Устругов недоверчиво усмехнулся, помолчал немного, потом почему-то вспомнил:
- У Нины такие же глаза.
- Какие глаза?
- Как у Мадлен. У Нины они тоже бывают удивительно теплые и нежные, греют и ласкают, как весеннее солнце. А бывают такие, что спрятаться не знаешь куда от холода их. И она тоже сквозь ресницы смотрит...
- Нежные диктаторы.
- Что ты сказал? Диктаторы? Нежные диктаторы? Ерунду ты порешь, но... обе они с характером.
- Это я и хотел сказать. Такие признают только одно: либо моя воля, либо ничего. Они и любовь-то признают только как слепое подчинение себе избранного ими мужчины. Диктаторы. Маленькие диктаторы...
Озадаченно посматривая на меня, Георгий молчал, вздыхал, вспоминая, видимо, поведение Нины (я помню, она вертела им, как хотела, в тот последний мирный вечер в Москве), и, наконец, почти просительно сказал:
- Уходить надо отсюда, Костя, поскорее уходить.
- Боишься в нежные лапы попасть?
- Дурак ты, - сердито буркнул он. - Нам только и осталось, что в нежные лапы попадать. Уже совершили все, что могли, и больше не о чем беспокоиться, не о чем думать.
- Чего ж ты ругаешься? Я же не хотел обидеть тебя.
- Да и я тебя тоже...
Вечером, темным и по-весеннему свежим, мы спустились во двор и взобрались по лесенке, вырубленной в скале. На самой вершине ее стояли черные деревья, отсюда начинался лес, подступавший к городу. В лесу было сыро, сильно пахло прелой листвой и корой, грунт под ногами мягко пружинил: весенняя влага еще держалась в нем.
Впервые за долгие месяцы оказались мы на свободе.

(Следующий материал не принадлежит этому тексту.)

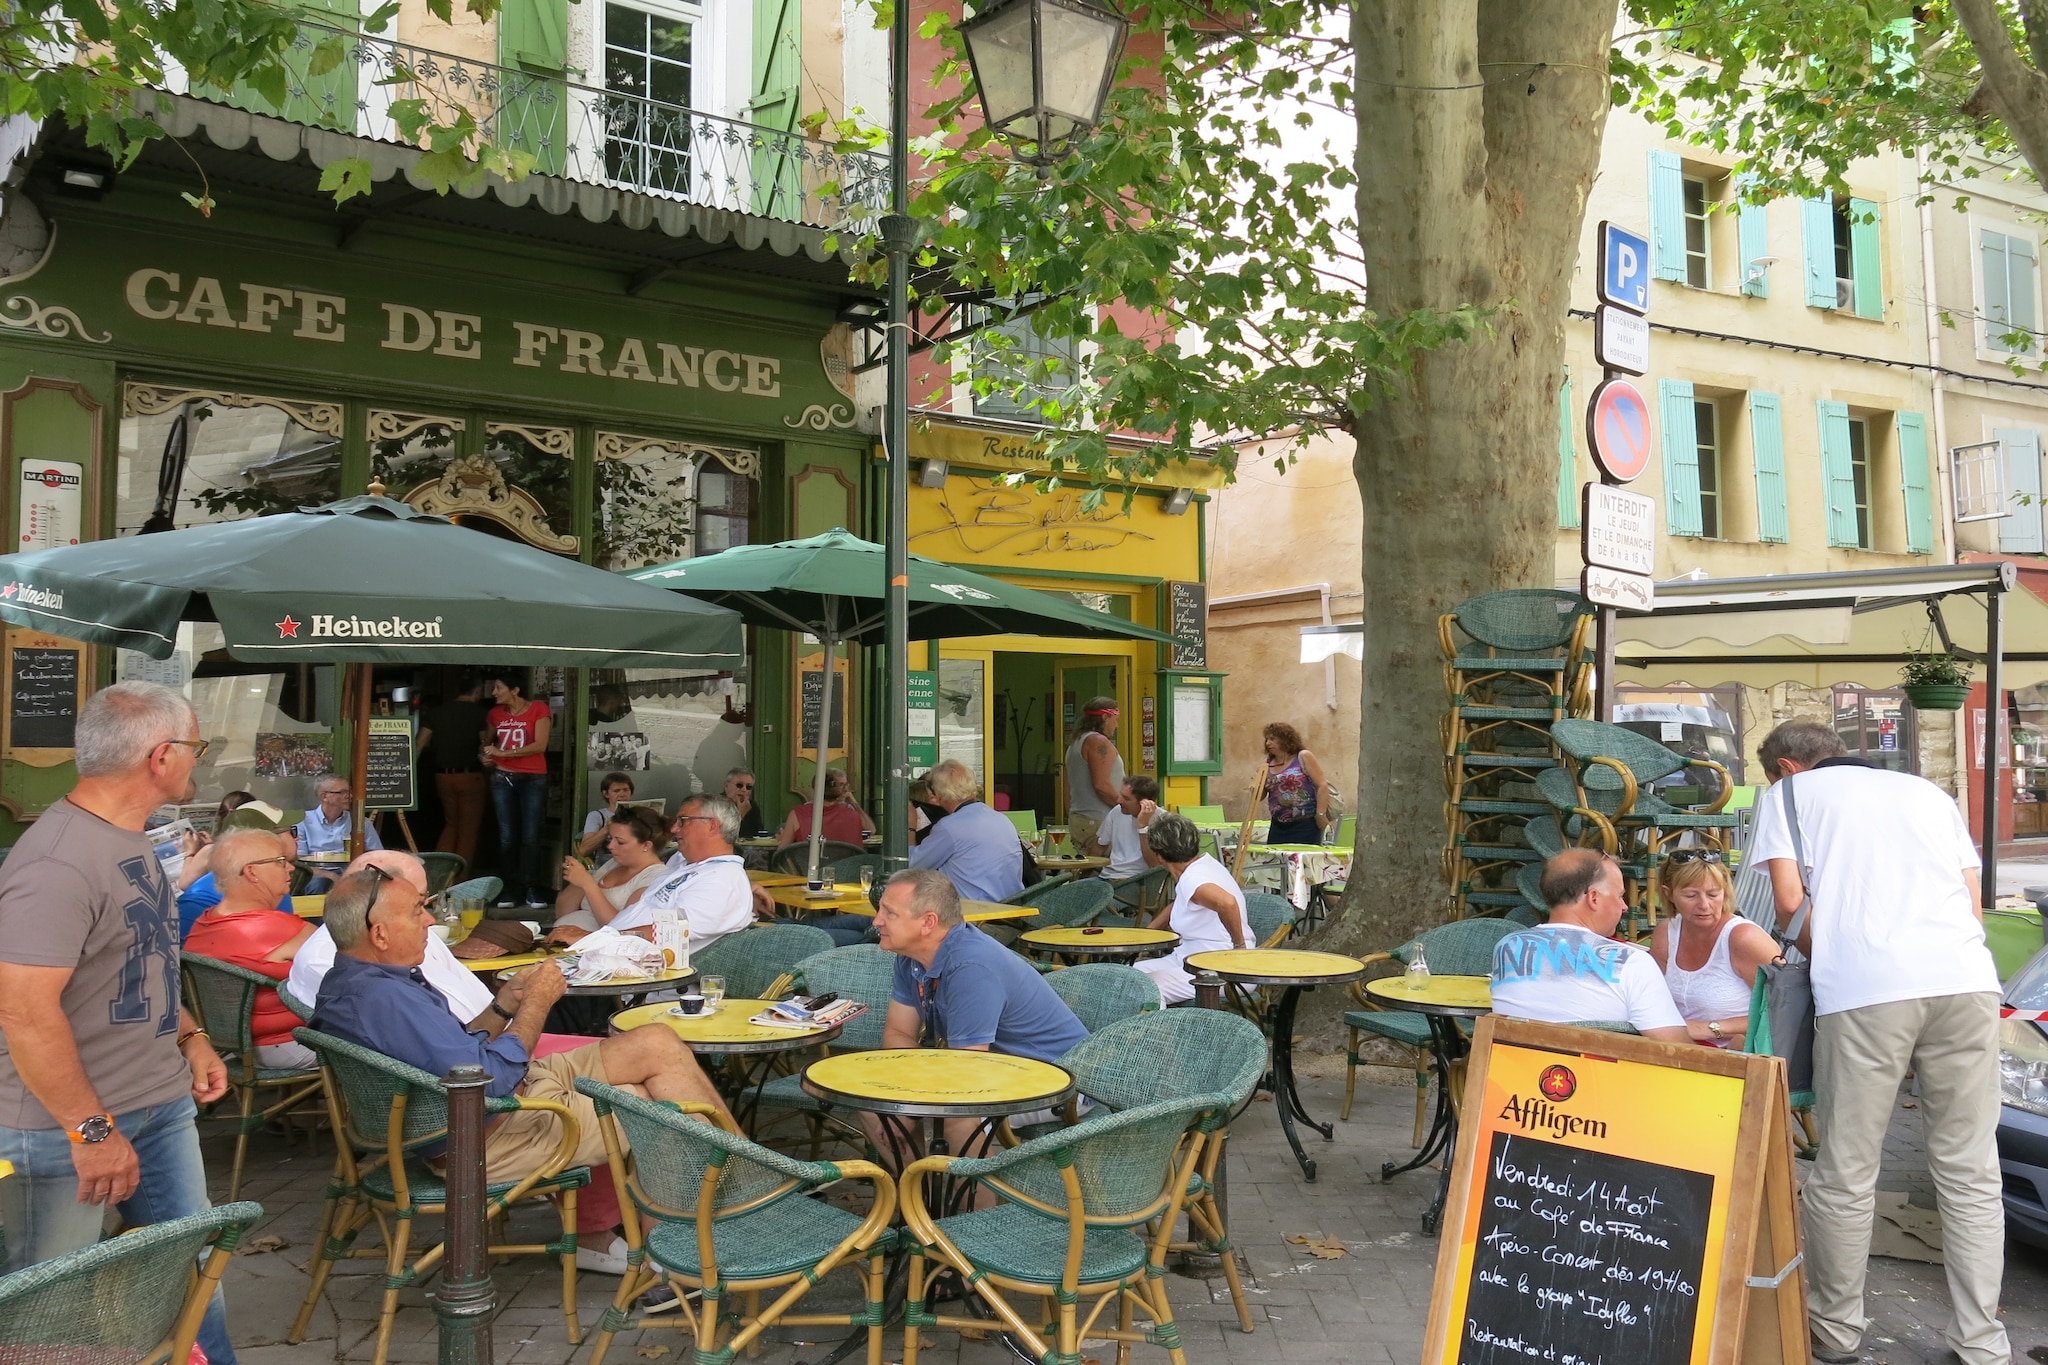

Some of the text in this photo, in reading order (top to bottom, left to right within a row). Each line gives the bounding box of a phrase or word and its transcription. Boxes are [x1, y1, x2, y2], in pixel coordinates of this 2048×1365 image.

[1617, 241, 1638, 289] P
[125, 267, 781, 398] CAFE DE FRANCE
[1606, 312, 1647, 334] STATIONNEMENT
[1616, 332, 1635, 346] PAYANT
[1609, 347, 1643, 365] HORODATEUR
[26, 472, 77, 484] MARTINI
[1599, 492, 1647, 519] INTERDIT
[1607, 515, 1640, 533] LE JEUDI
[1592, 527, 1652, 551] ET LE DIMANCHE
[1597, 544, 1607, 557] DE
[1610, 547, 1614, 558] 6
[1617, 548, 1621, 560] h
[1624, 550, 1629, 560] à
[1632, 552, 1639, 564] 15
[311, 615, 443, 638] Heineken
[496, 728, 526, 752] 79
[1497, 1094, 1608, 1139] Affligem
[1495, 1134, 1576, 1198] Vendredi
[1577, 1180, 1611, 1211] 14
[1494, 1195, 1522, 1211] au
[1579, 1213, 1607, 1237] de
[1605, 1221, 1671, 1250] France
[1479, 1264, 1510, 1288] avec
[1517, 1272, 1530, 1295] le
[1535, 1287, 1574, 1310] groupe
[1468, 1318, 1540, 1356] Restauration
[1543, 1343, 1556, 1360] et

И даже без провожатых. Это и тревожило немножко и радовало. Наконец-то свободны, совсем свободны. Конечно, мы зависимы от других людей (а кто не зависим от других в этом грешном мире?), но вольны уйти в этот лес или вернуться назад, на чердак приютившей нас гостиницы.
Долго стояли на вершине скалы, всматриваясь в городок. Во тьме он был еще более неясен и чужд. Взошедшая над черными горбами холмов луна осветила тихо поблескивающие крыши, нарисовав на сером булыжнике мостовых крупные квадратные тени. Темная впадина речного плеса заблистала, постепенно увеличивая свой холодный блеск, пока с того берега сюда, к нам, не вытянулась лимонно-желтая дорожка.
- Тишь. Какая тишина! - едва слышно проговорил я. - Даже представить себе не могу, что где-то все еще продолжается война, ревут пушки, трассирующие пули и снаряды сверлят темноту и ракеты вспыхивают в черной бездне неба и тихо падают, как огромные фонари, постепенно усиливая свое кратковременное сияние.